■ What the task requires ■
Retype the records word for word. Skip every image.

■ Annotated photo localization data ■
______

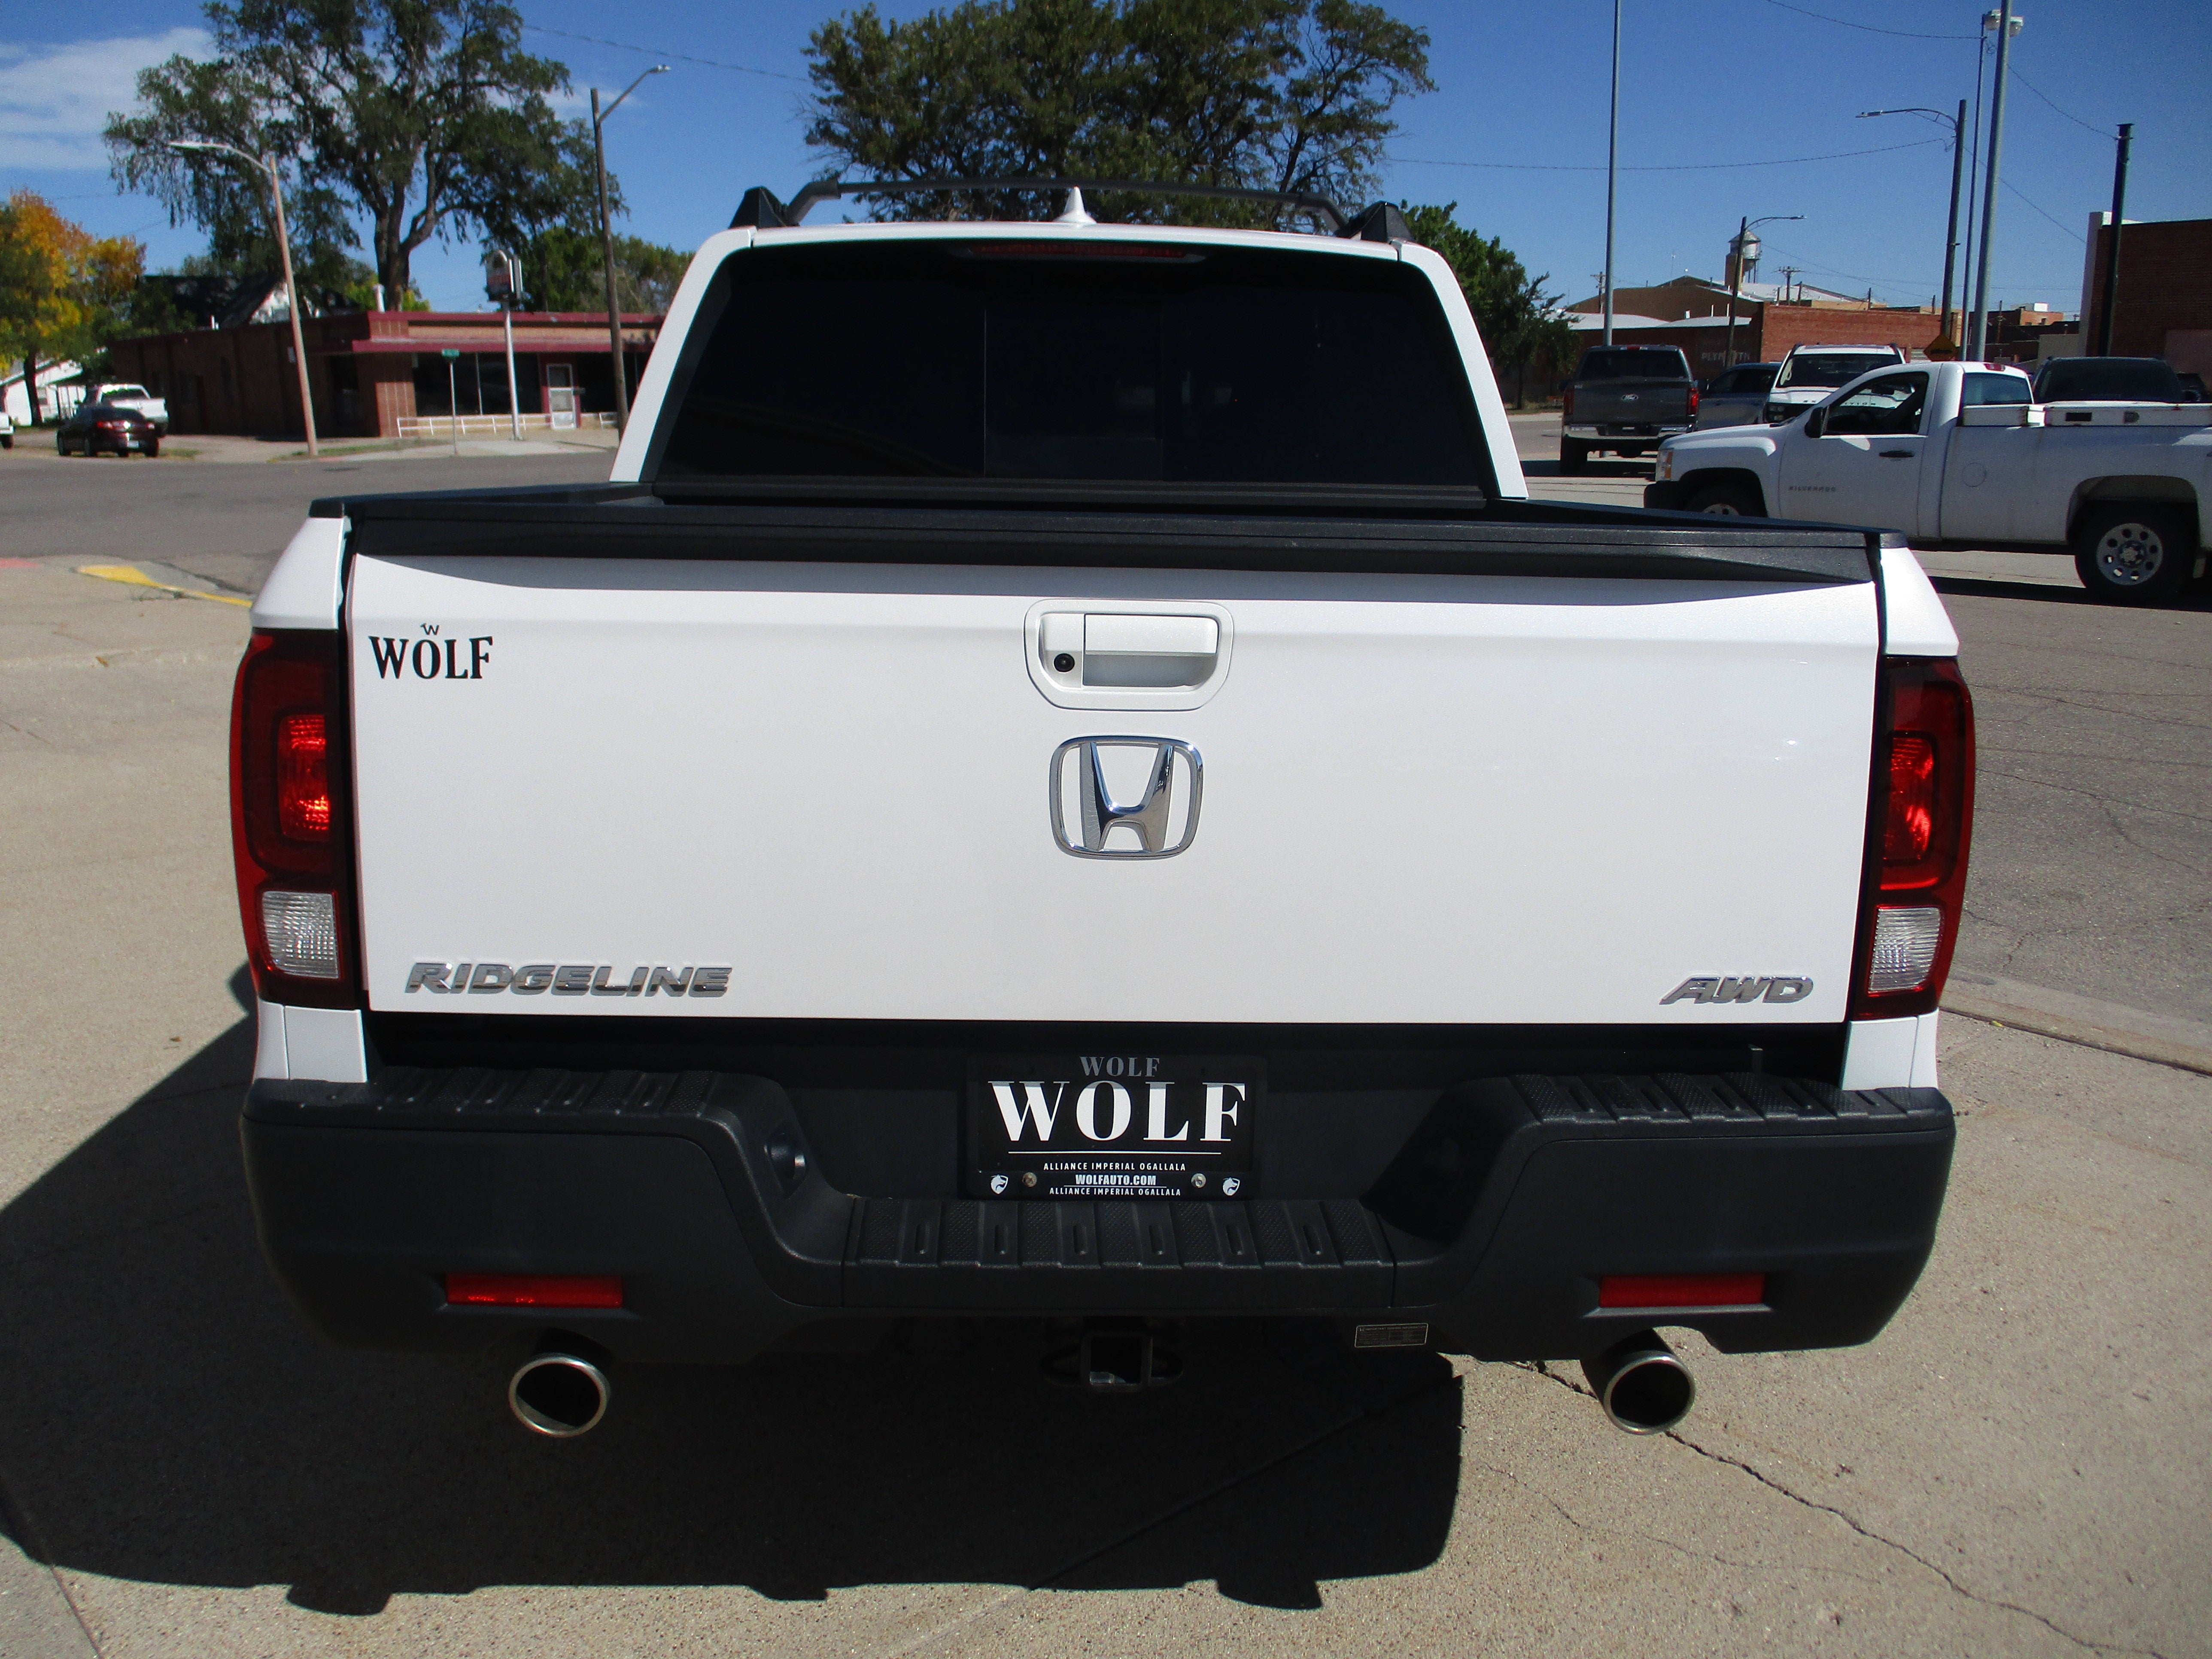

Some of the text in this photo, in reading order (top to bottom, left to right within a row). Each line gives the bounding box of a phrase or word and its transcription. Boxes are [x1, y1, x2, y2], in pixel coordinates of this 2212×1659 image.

[368, 636, 493, 679] WOLF
[404, 962, 733, 997] RIDGELINE
[1659, 975, 1814, 1005] AWD
[1079, 1056, 1160, 1077] WOLF
[987, 1080, 1245, 1142] WOLF
[1043, 1162, 1186, 1171] ALLIANCE IMPERIAL OGALLALA
[1075, 1174, 1157, 1185] WOLFAUTO.COM

______

■ Result ■
Some of the text in this photo, in reading order (top to bottom, left to right within a row). Each line gives the bounding box of a phrase or word and its transcription. Boxes are [x1, y1, x2, y2], in pixel coordinates of this 2212×1659 image.

[368, 636, 493, 679] WOLF
[404, 962, 733, 997] RIDGELINE
[1659, 975, 1814, 1005] AWD
[1079, 1056, 1160, 1077] WOLF
[987, 1080, 1245, 1142] WOLF
[1043, 1162, 1186, 1171] ALLIANCE IMPERIAL OGALLALA
[1075, 1174, 1157, 1185] WOLFAUTO.COM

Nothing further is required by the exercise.